There are interesting questions here. Can we insert any (r – 2)-regular graph? What is the procedure to do so? Are there some (r – 2)-regular graphs that cannot be inserted?

Let’s use some notations for ease of reference. Let Ro be the r-regular graph we start with, Ri be the (r – 2)-regular graph we want to insert and Rn be the graph resultant of the insertion.

A simple but important thing to be noted here is that, pairs of nodes that are adjacent in Ri, cannot be inserted in a single edge of Ro because that will result in an overlapping edge (we don’t allow multiedges between nodes); adjacent nodes in Ri have to be inserted in different edges. Even for small values of r, this becomes pretty complicated to visualize. I tried to insertions for small graphs, and it was possible to do. But I don’t know if we can always avoid creating a multigraph.

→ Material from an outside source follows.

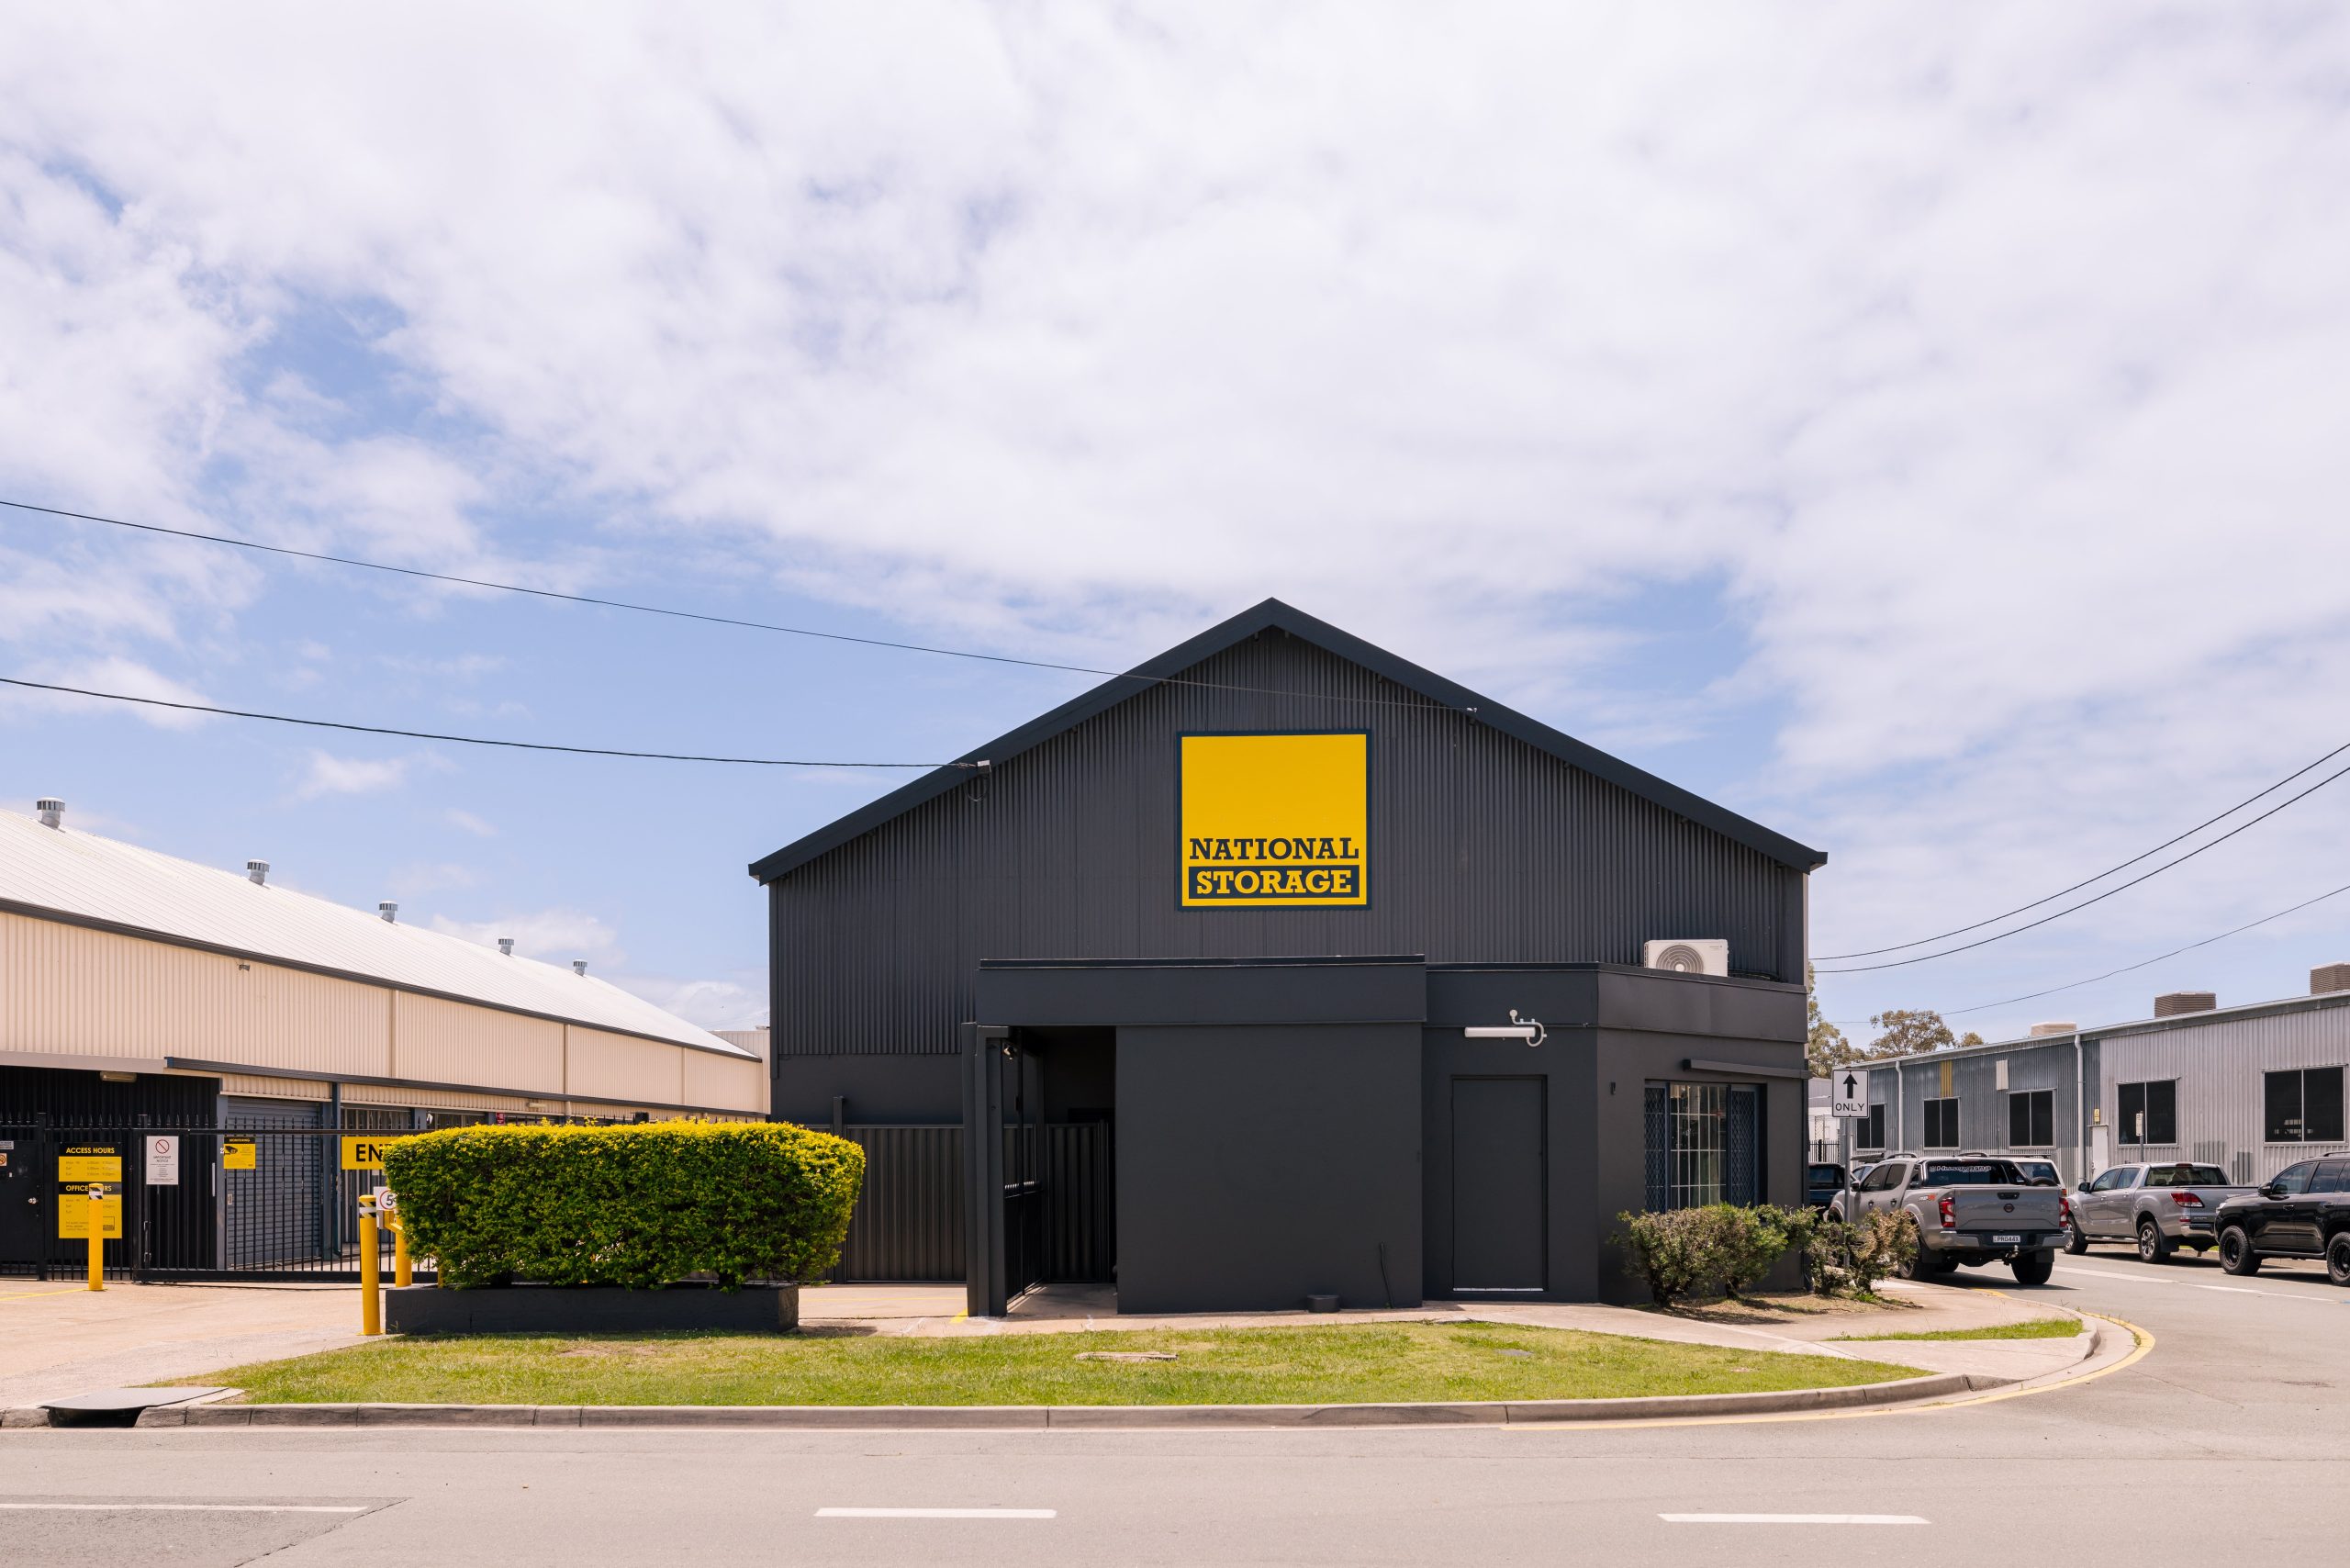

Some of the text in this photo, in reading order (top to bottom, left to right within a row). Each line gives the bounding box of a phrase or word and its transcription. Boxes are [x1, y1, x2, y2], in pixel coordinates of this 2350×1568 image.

[1190, 837, 1359, 860] NATIONAL
[1196, 869, 1352, 894] STORAGE
[1835, 1103, 1865, 1112] ONLY
[386, 1194, 394, 1206] 5

But then in the above discussion we have assumed Ri to be a connected graph. What if Ri is disconnected? If Ri is disconnected we can easily prove that there is no bound on the size of Ri that can be inserted. The simplest way to show this is by saying that our Ri has an arbitrarily large number of (r – 2)-cliques as disconnected components (disconnected edges, disconnected cycles, disconnected cubic graphs etc.). Now, you can either imagine this as adding an arbitrary number of cliques (like in the previous post) or as adding one large disconnected graph.

Of course, cliques are just one way to insert. We can simply insert nodes and add edges between the new nodes in such a way that all the new nodes have a degree of r.

Note that the resulting graph Rn is, of course, a connected graph.

***

Now, since we are talking about p2p networks, what is more important is the minimum number of nodes and edges that we need to add when nodes join or leave. Or more generally, the minimum change in topology that is required. When a new node comes in, let’s say we need to accommodate it without disrupting symmetry; so we may need to add dummy nodes and edges. The thing is – in a p2p network, most of the time, unrelated nodes join or leave unrelated parts of the network. So, essentially, we are dealing with disconnected components.